With a groan, she got up to face her day. Her apartment was also in the Pacific Pier Building, four flights up from her shop. The place was small but cozy. The living room and kitchen were really all one room, divided by a small bar top. On the wall between her living room and short hallway that led to her bedroom was a small door that opened to a dumbwaiter, a throwback to the days when this building was one very large ranching family’s central compound. That was back in the late eighteen hundreds, when there’d still been actual cows in the Cow Hollow district of San Francisco.

The dumbwaiter door was locked now but sometimes mysterious gifts ended up in there for her, like cookies or muffins. And then there was the time Archer had a training exercise for his men in the guise of a scavenger hunt, and one of the items required to obtain had been Finn, who’d ended up stuck in the dumbwaiter while making a run for it.

Archer’s idea of funny.

In any case, there was nothing in there now no matter how much she wished for some muffins, so she showered and dressed. Today’s work uniform consisted of her favorite pair of jeans, which only had one hole in a knee, and another lightweight camisole. She topped that with an easy-to-remove sweater for grooming clients.

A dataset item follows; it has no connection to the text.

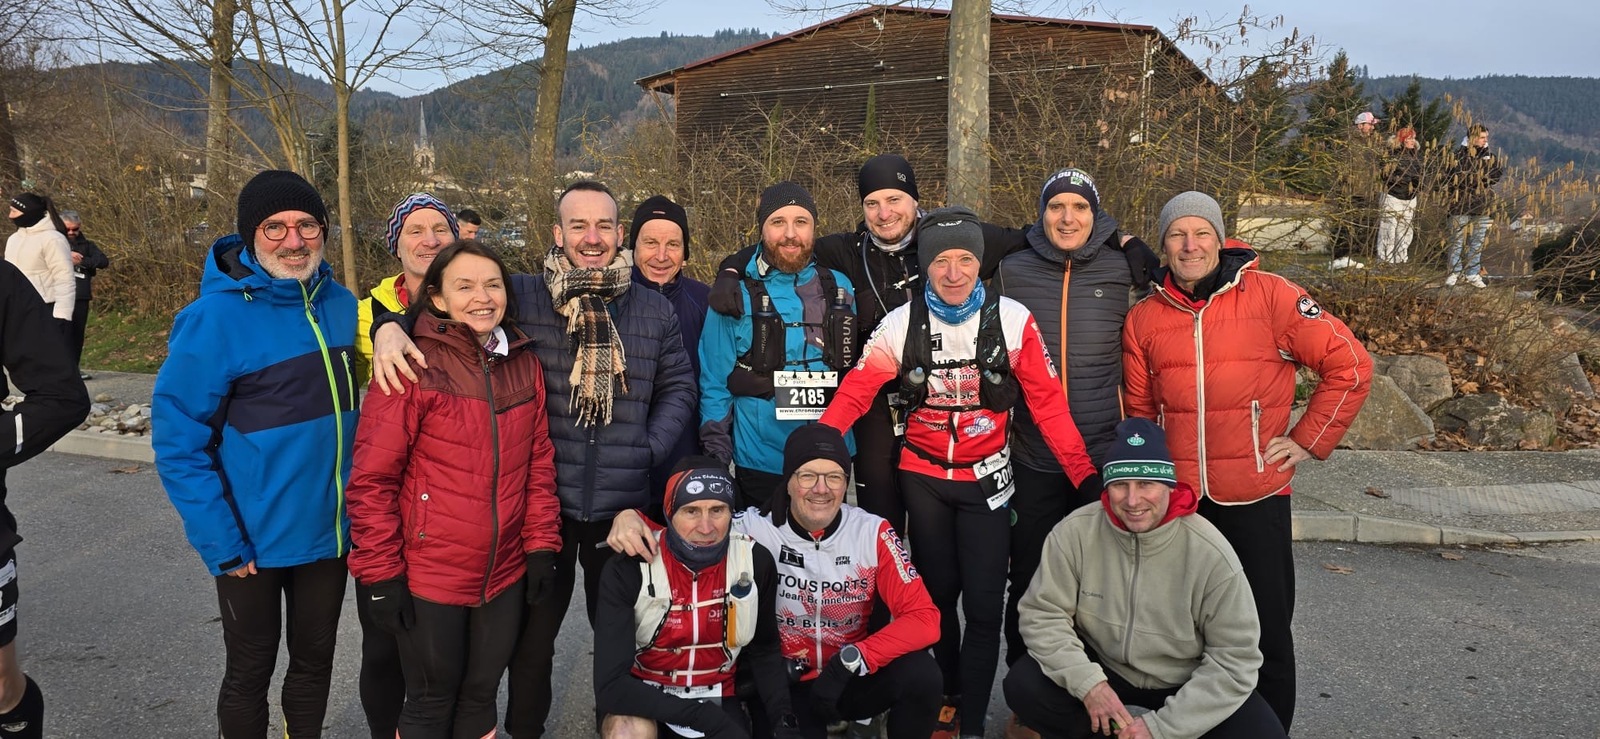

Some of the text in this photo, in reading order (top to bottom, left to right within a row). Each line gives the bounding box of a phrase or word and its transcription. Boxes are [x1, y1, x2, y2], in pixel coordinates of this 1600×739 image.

[843, 316, 853, 367] KIPRUN
[789, 388, 826, 405] 2185
[779, 590, 804, 602] Jean
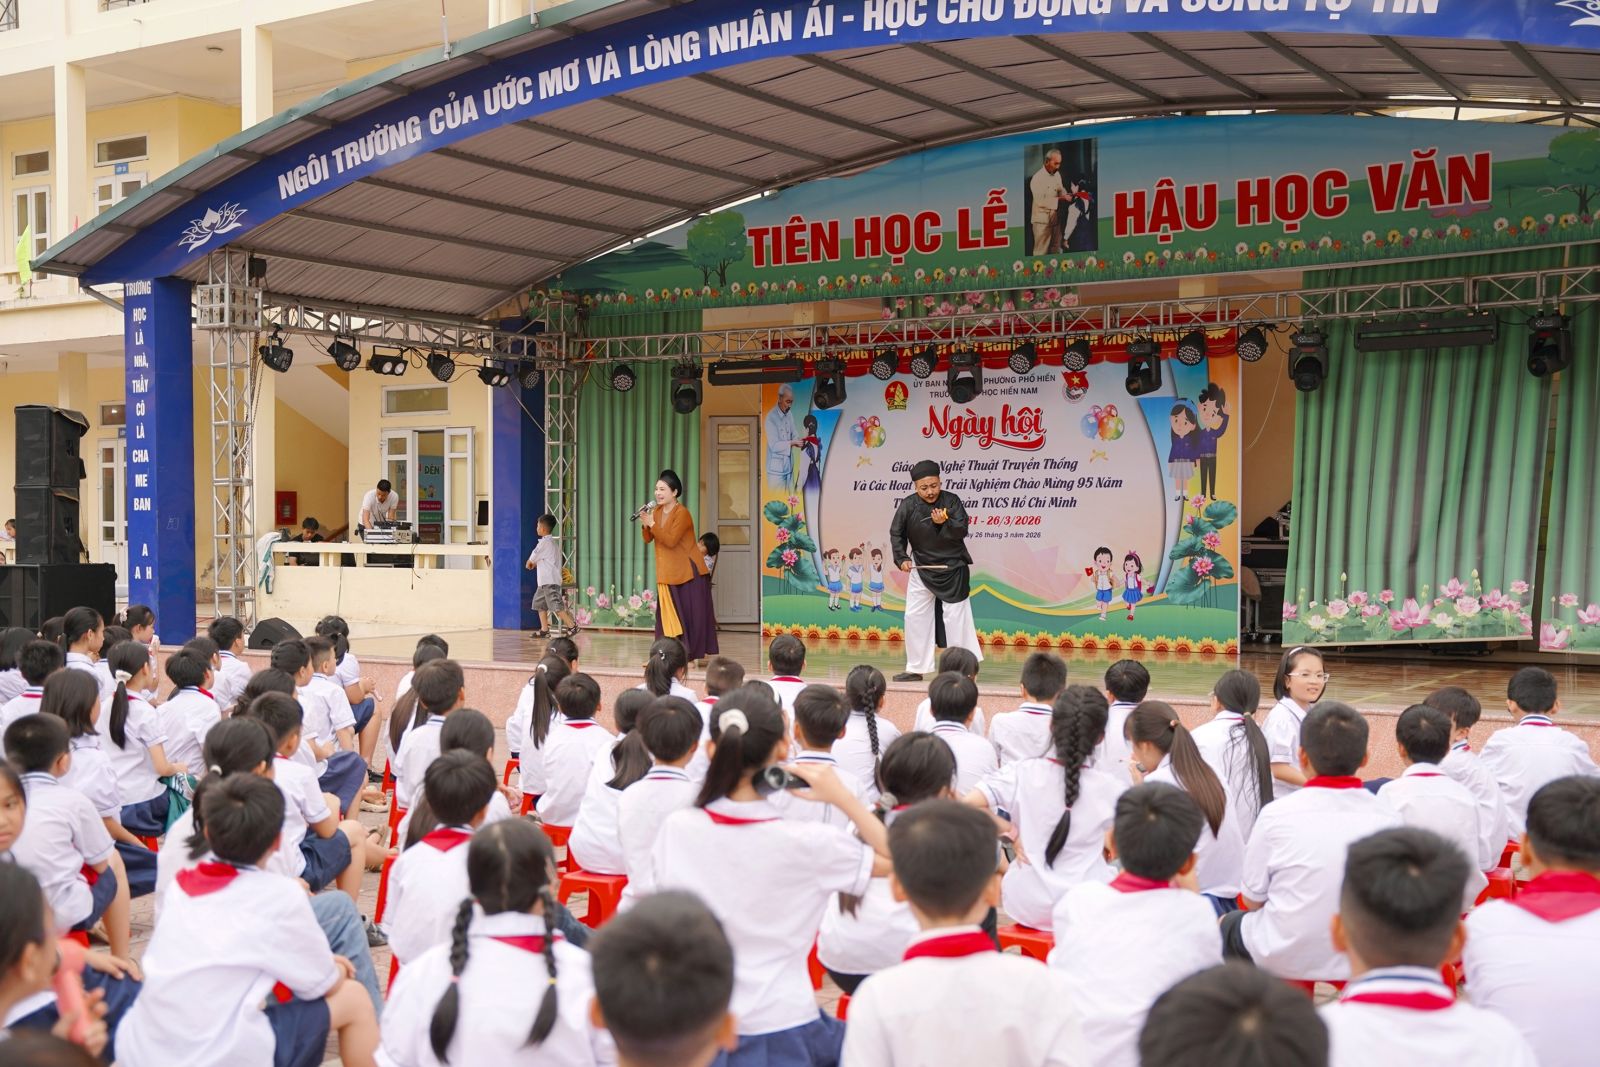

She wasn’t surprised when she got to work and the knock came on her shop’s door at ten minutes before opening. Nor was she surprised at the traitorous leap her pulse gave. It’d been two weeks since Keane had shown up that first morning. Since then, there’d been no rhythm or reason to the days he came in. Sometimes he’d show up for a few days in a row and then nothing for another few days. Whenever she asked about his aunt, he got a solemn look on his face but shook his head. “Not better yet,” he always said.